**THE TASK**: Apart from the pictures, every entry should be reproduced exactly.

[Opening DATA LISTING section]

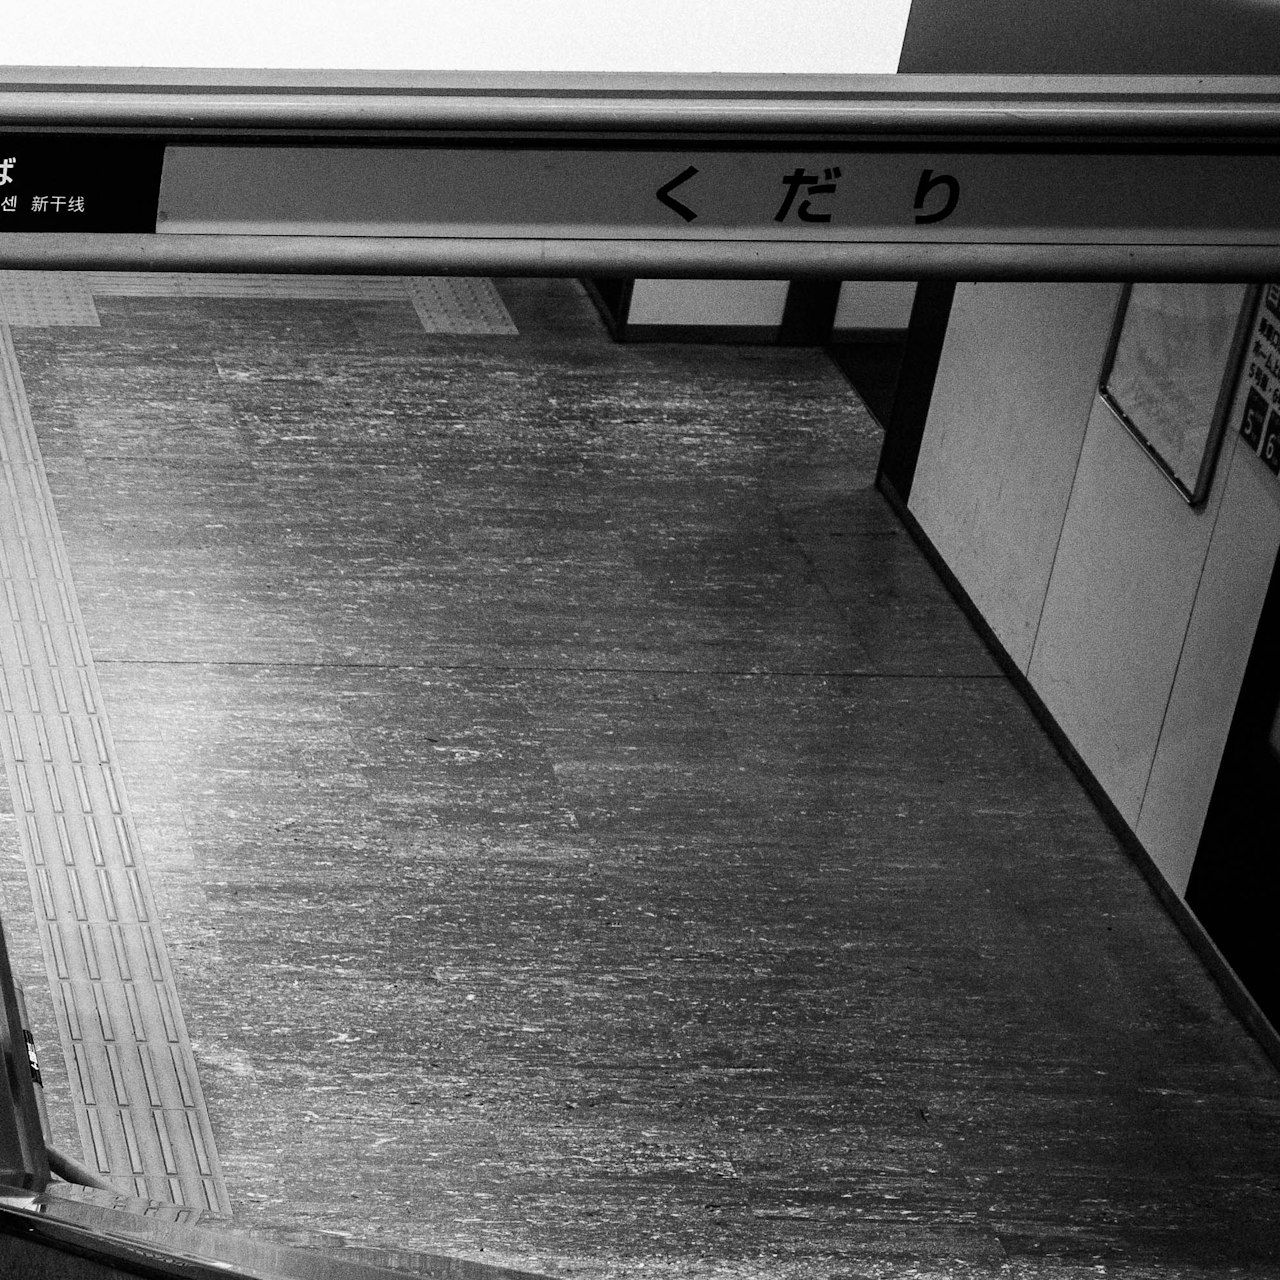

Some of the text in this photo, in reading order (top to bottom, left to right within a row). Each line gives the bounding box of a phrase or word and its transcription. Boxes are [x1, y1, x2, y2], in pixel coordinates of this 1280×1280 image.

[30, 195, 85, 213] 新干线
[1244, 408, 1255, 436] 5
[1265, 433, 1277, 459] 6
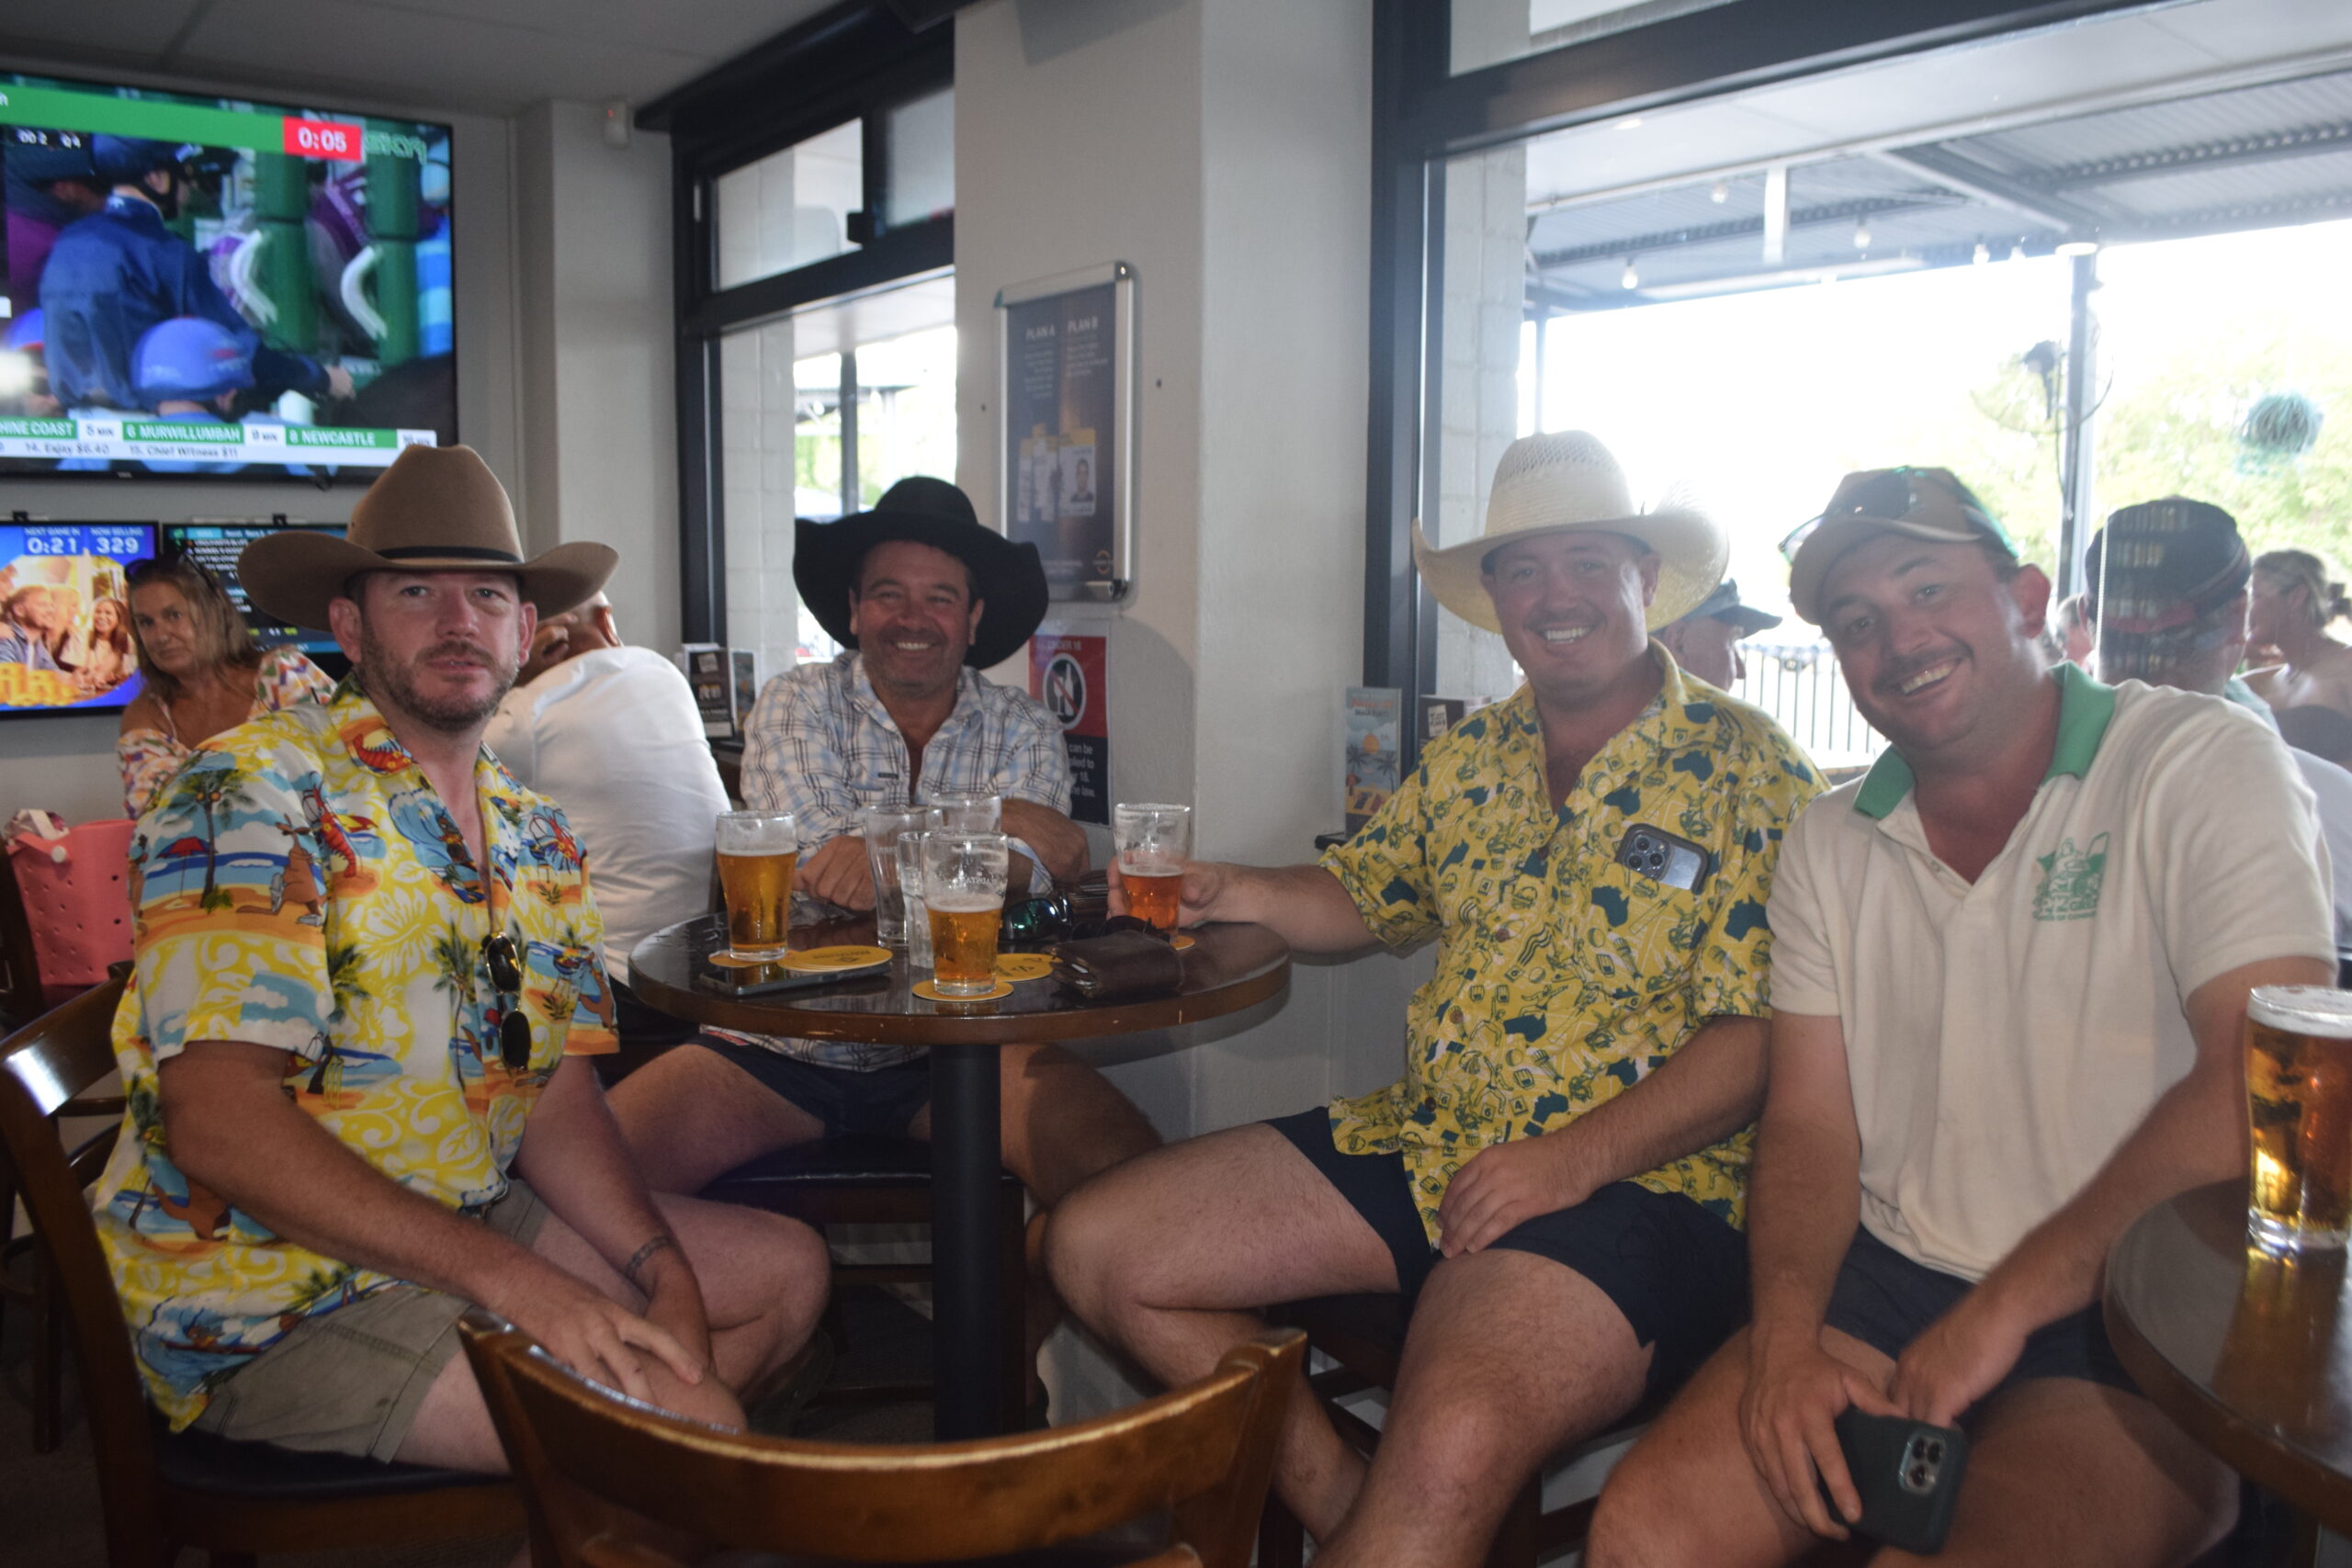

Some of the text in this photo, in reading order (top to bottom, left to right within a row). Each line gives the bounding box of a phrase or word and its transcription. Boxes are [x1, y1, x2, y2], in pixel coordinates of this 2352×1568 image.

[298, 127, 346, 152] 0:05
[1068, 318, 1091, 333] PLAN
[0, 420, 73, 436] HINE COAST
[127, 424, 241, 442] 6 MURWILLUMBAH
[289, 429, 376, 446] 8 NEWCASTLE
[28, 536, 77, 554] 0:21
[96, 536, 139, 554] 329
[1083, 742, 1093, 755] be
[1087, 758, 1094, 769] to

[Closing DATA LISTING section]

**TASK RESULT**:
Some of the text in this photo, in reading order (top to bottom, left to right within a row). Each line gives the bounding box of a phrase or word and its transcription. Boxes are [x1, y1, x2, y2], in pixel coordinates of this 1280×1280 image.

[30, 195, 85, 213] 新干线
[1244, 408, 1255, 436] 5
[1265, 433, 1277, 459] 6

Some of the text in this photo, in reading order (top to bottom, left to right within a row). Each line gives the bounding box of a phrase or word and its transcription. Boxes are [x1, y1, x2, y2], in pixel coordinates of this 2352×1568 image.

[298, 127, 346, 152] 0:05
[1068, 318, 1091, 333] PLAN
[0, 420, 73, 436] HINE COAST
[127, 424, 241, 442] 6 MURWILLUMBAH
[289, 429, 376, 446] 8 NEWCASTLE
[28, 536, 77, 554] 0:21
[96, 536, 139, 554] 329
[1083, 742, 1093, 755] be
[1087, 758, 1094, 769] to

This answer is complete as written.